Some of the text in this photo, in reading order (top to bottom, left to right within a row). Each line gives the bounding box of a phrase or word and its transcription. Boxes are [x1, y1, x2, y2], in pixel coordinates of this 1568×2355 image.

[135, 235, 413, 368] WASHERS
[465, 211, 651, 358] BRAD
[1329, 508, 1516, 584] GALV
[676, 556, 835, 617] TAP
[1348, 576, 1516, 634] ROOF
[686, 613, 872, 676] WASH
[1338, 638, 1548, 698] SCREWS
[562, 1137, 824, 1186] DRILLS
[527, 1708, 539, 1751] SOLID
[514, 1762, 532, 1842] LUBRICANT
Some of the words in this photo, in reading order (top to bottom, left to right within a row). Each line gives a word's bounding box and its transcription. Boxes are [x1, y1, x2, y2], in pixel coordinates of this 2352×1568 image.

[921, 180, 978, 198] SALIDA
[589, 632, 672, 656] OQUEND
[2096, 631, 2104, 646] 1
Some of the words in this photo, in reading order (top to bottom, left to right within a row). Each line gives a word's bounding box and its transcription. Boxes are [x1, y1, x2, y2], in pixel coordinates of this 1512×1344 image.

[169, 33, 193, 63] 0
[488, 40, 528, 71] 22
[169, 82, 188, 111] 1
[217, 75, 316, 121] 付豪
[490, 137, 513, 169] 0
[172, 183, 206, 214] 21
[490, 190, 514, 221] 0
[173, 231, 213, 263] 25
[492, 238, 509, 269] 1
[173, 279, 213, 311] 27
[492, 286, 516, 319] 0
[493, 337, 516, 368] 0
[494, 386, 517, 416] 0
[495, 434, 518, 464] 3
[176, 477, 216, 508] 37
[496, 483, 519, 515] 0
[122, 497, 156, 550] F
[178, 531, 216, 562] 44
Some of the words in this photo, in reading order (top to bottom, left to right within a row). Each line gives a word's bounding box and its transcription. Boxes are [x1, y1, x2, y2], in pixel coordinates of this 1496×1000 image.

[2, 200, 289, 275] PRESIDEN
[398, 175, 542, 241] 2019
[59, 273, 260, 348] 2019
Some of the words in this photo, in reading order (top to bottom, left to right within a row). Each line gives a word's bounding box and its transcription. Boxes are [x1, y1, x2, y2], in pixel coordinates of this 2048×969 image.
········
# [What you are asked to do]
The records are to be repeated in full, exactly as they stand.

# [Task output]
Some of the text in this photo, in reading order (top to bottom, left to right within a row). Each line gives the bounding box of a phrase or word and its transcription. Boxes are [x1, y1, x2, y2], in pixel coordinates of this 1568×2355 image.

[135, 235, 413, 368] WASHERS
[465, 211, 651, 358] BRAD
[1329, 508, 1516, 584] GALV
[676, 556, 835, 617] TAP
[1348, 576, 1516, 634] ROOF
[686, 613, 872, 676] WASH
[1338, 638, 1548, 698] SCREWS
[562, 1137, 824, 1186] DRILLS
[527, 1708, 539, 1751] SOLID
[514, 1762, 532, 1842] LUBRICANT
Some of the words in this photo, in reading order (top to bottom, left to right within a row). Each line gives a word's bounding box and its transcription. Boxes are [x1, y1, x2, y2], in pixel coordinates of this 2352×1568 image.

[921, 180, 978, 198] SALIDA
[589, 632, 672, 656] OQUEND
[2096, 631, 2104, 646] 1
Some of the words in this photo, in reading order (top to bottom, left to right within a row). Each line gives a word's bounding box and its transcription. Boxes are [x1, y1, x2, y2], in pixel coordinates of this 1512×1344 image.

[169, 33, 193, 63] 0
[488, 40, 528, 71] 22
[169, 82, 188, 111] 1
[217, 75, 316, 121] 付豪
[490, 137, 513, 169] 0
[172, 183, 206, 214] 21
[490, 190, 514, 221] 0
[173, 231, 213, 263] 25
[492, 238, 509, 269] 1
[173, 279, 213, 311] 27
[492, 286, 516, 319] 0
[493, 337, 516, 368] 0
[494, 386, 517, 416] 0
[495, 434, 518, 464] 3
[176, 477, 216, 508] 37
[496, 483, 519, 515] 0
[122, 497, 156, 550] F
[178, 531, 216, 562] 44
Some of the words in this photo, in reading order (top to bottom, left to right within a row). Each line gives a word's bounding box and its transcription. Boxes are [x1, y1, x2, y2], in pixel coordinates of this 1496×1000 image.

[2, 200, 289, 275] PRESIDEN
[398, 175, 542, 241] 2019
[59, 273, 260, 348] 2019
Some of the words in this photo, in reading order (top to bottom, left to right within a row). Each line gives a word's bounding box and its transcription. Boxes are [x1, y1, x2, y2], in pixel coordinates of this 2048×969 image.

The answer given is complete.